Ces quelques petites touches suffirent à renverser la situation. Dans une opération de ce genre, il est primordial pour les putschistes de contrôler l'information pour réduire au silence le régime précédent. Cela place la population et les structures de l’État dans une situation de fait accompli, leur intimant que la transition est achevée. Le résultat revient à saper la volonté de combattre d'éventuels loyalistes, un acte de résistance donnant l'impression d'arriver désormais trop tard.

Mais le message du Président Erdogan fut entendu. Les unités rebelles se retrouvèrent engluées dans des manifestations et les réactions d'unités militaires fidèles et de la police. Certains soldats perdirent leur sang-froid et ouvrirent le feu sur la foule, provoquant des dizaines de victimes. La dynamique du putsch fut malgré tout brisée, au prix de 260 morts dont 100 putschistes.

Aujourd'hui, le régime de Recep Tayyip Erdogan est solidement en place et sort renforcé de l'épreuve. Les militaires motivaient leur coup d'État en le présentant comme une réponse à la concentration des pouvoirs d'Erdogan ; Erdogan rétorque aujourd'hui que la tentative de coup d'État justifie la concentration de ses pouvoirs. Le président aux dérives autoritaires et islamistes se retrouve aujourd'hui félicité par les autorités occidentales au nom de la démocratie, la même que les putschistes annonçaient vouloir défendre avec les droits de l'homme et la laïcité...
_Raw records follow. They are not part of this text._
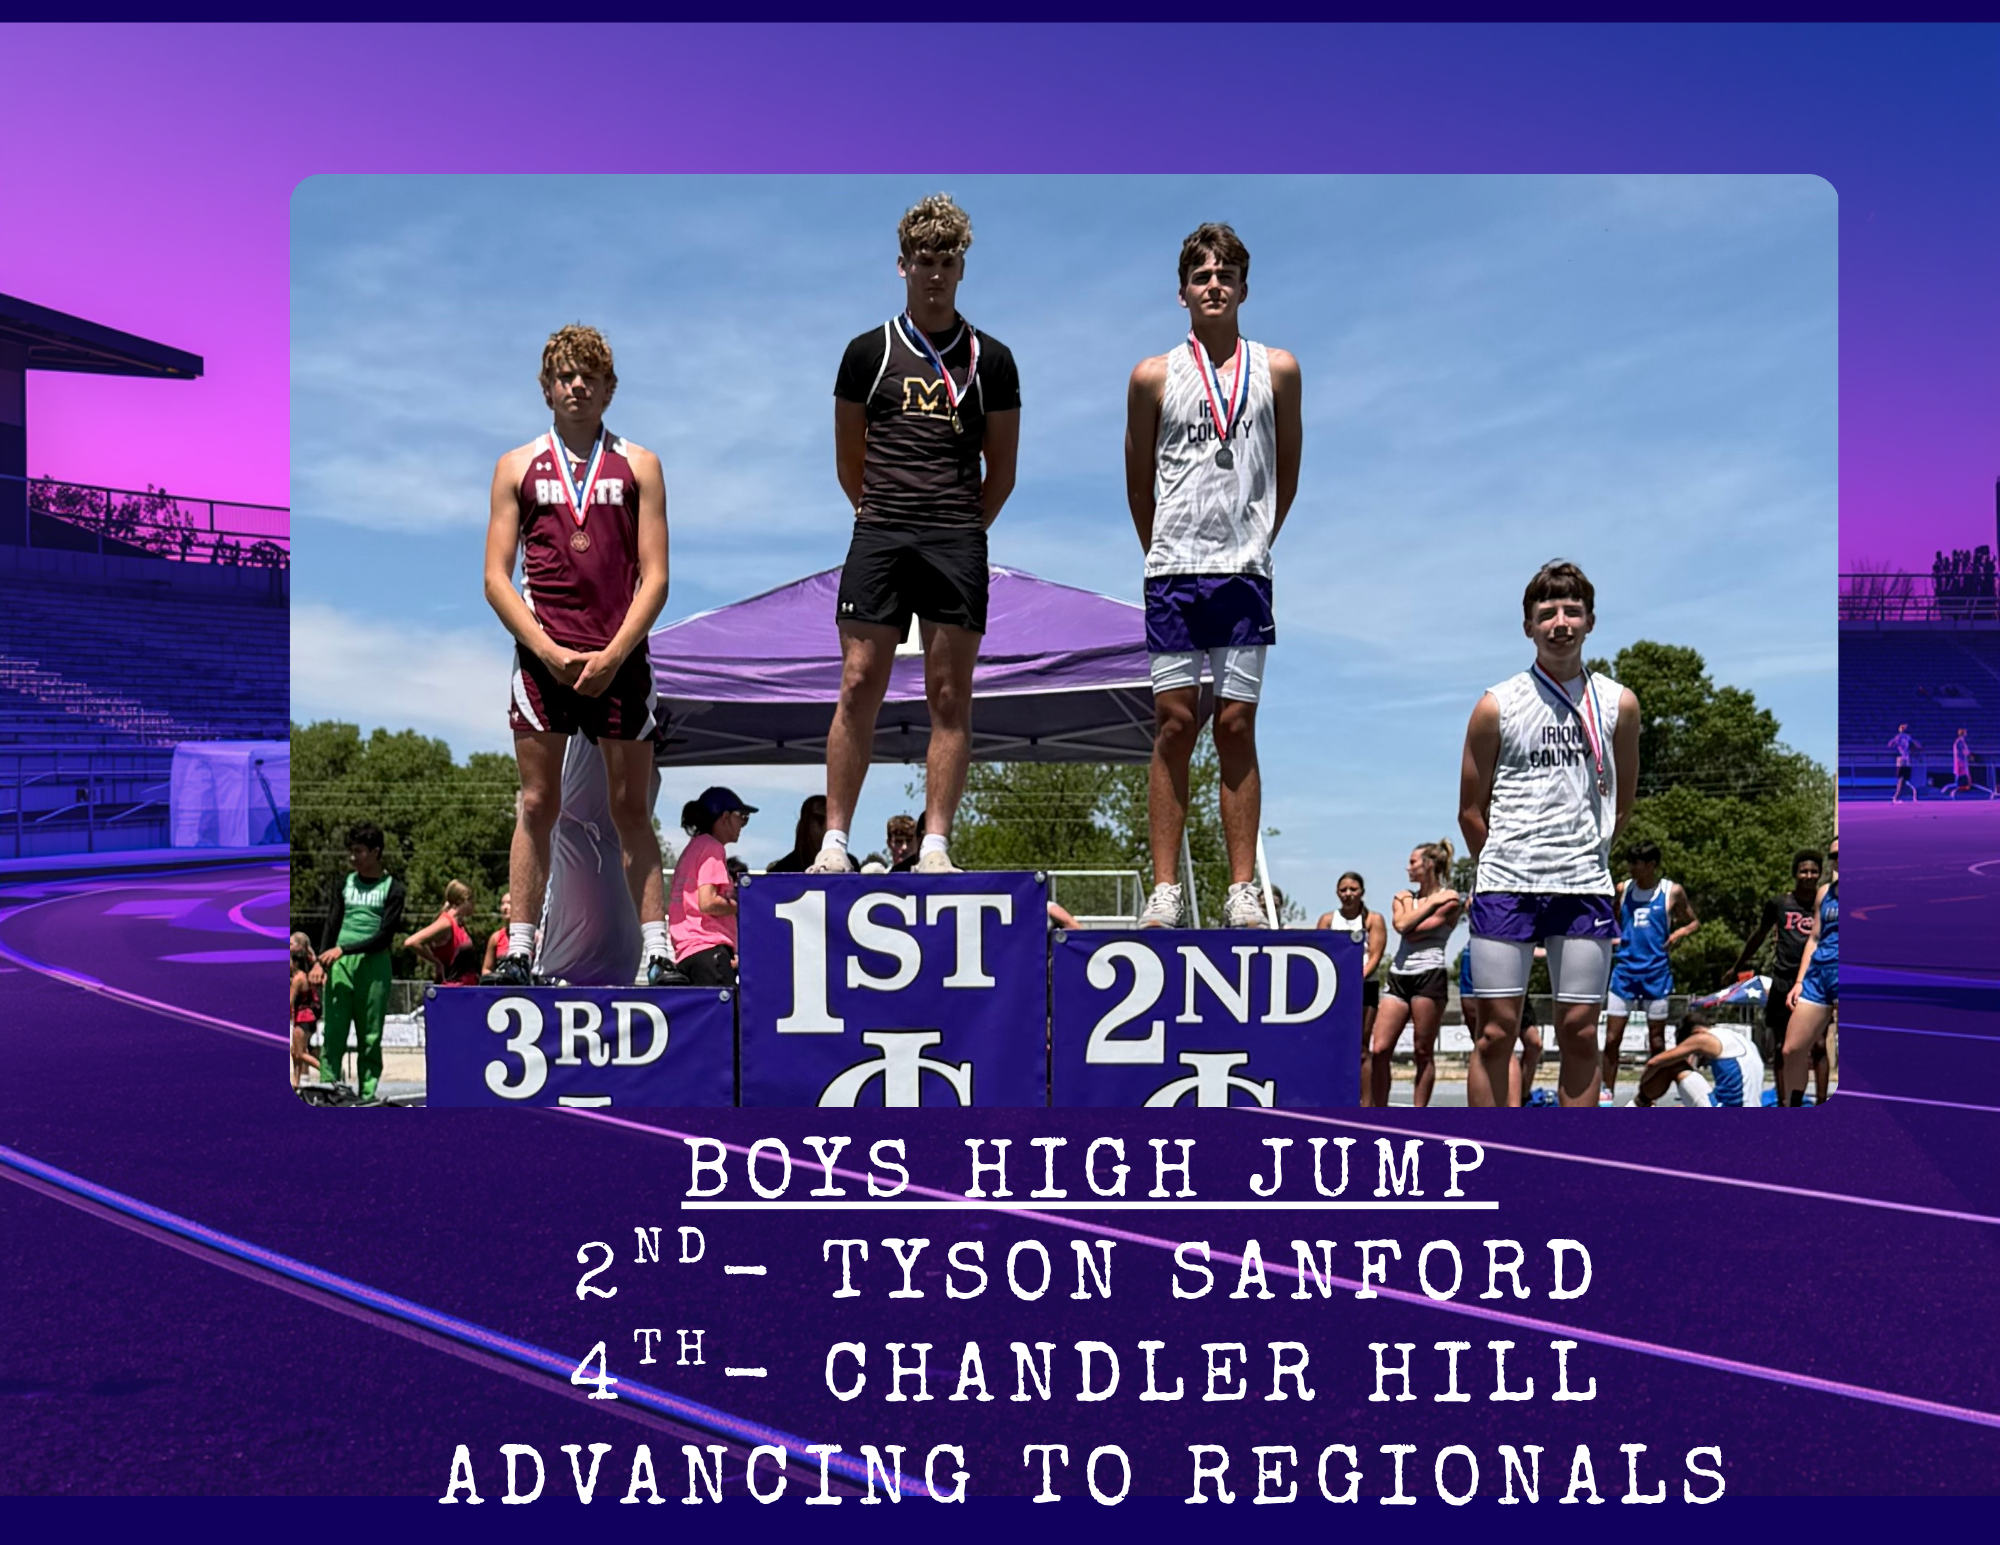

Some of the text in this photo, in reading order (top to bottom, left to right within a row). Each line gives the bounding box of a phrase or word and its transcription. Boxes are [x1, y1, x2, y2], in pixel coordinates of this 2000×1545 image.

[1187, 419, 1253, 443] COUTY
[534, 478, 625, 507] BRTE
[1542, 726, 1583, 744] IRION
[1529, 748, 1592, 768] COUNTY
[774, 889, 1013, 1034] 1ST
[1084, 940, 1338, 1065] 2ND
[484, 996, 670, 1100] 3RD
La victoire du régime ouvre grand les possibilités de purge au sein de l'appareil d'État et Erdogan est bien décidé à s'en servir. Les exactions contre les journalistes et les minorités politiques n'étaient que jeux d'enfants. Moins d'une journée après les faits, le gouvernement turc a arrêté 2'839 soldats et militaires de hauts rangs, mais aussi limogé 2'700 juges et mis 140 membres de la Cour suprême sous mandat d'arrêt. Et l'enquête n'a même pas commencé!

Plus que jamais, la Turquie est dans la main de fer de Recep Tayyip Erdogan. L'armée turque était peut-être le dernier obstacle à ses visions millénaristes ; il a les coudées franches pour la briser, et ensuite, continuer à écraser l'opposition démocratique et laisser libre court à ses pulsions autoritaires. Nul doute qu'entre l’État Islamique, les Kurdes et la situation économique désastreuse du pays, cela ne peut que très mal se terminer.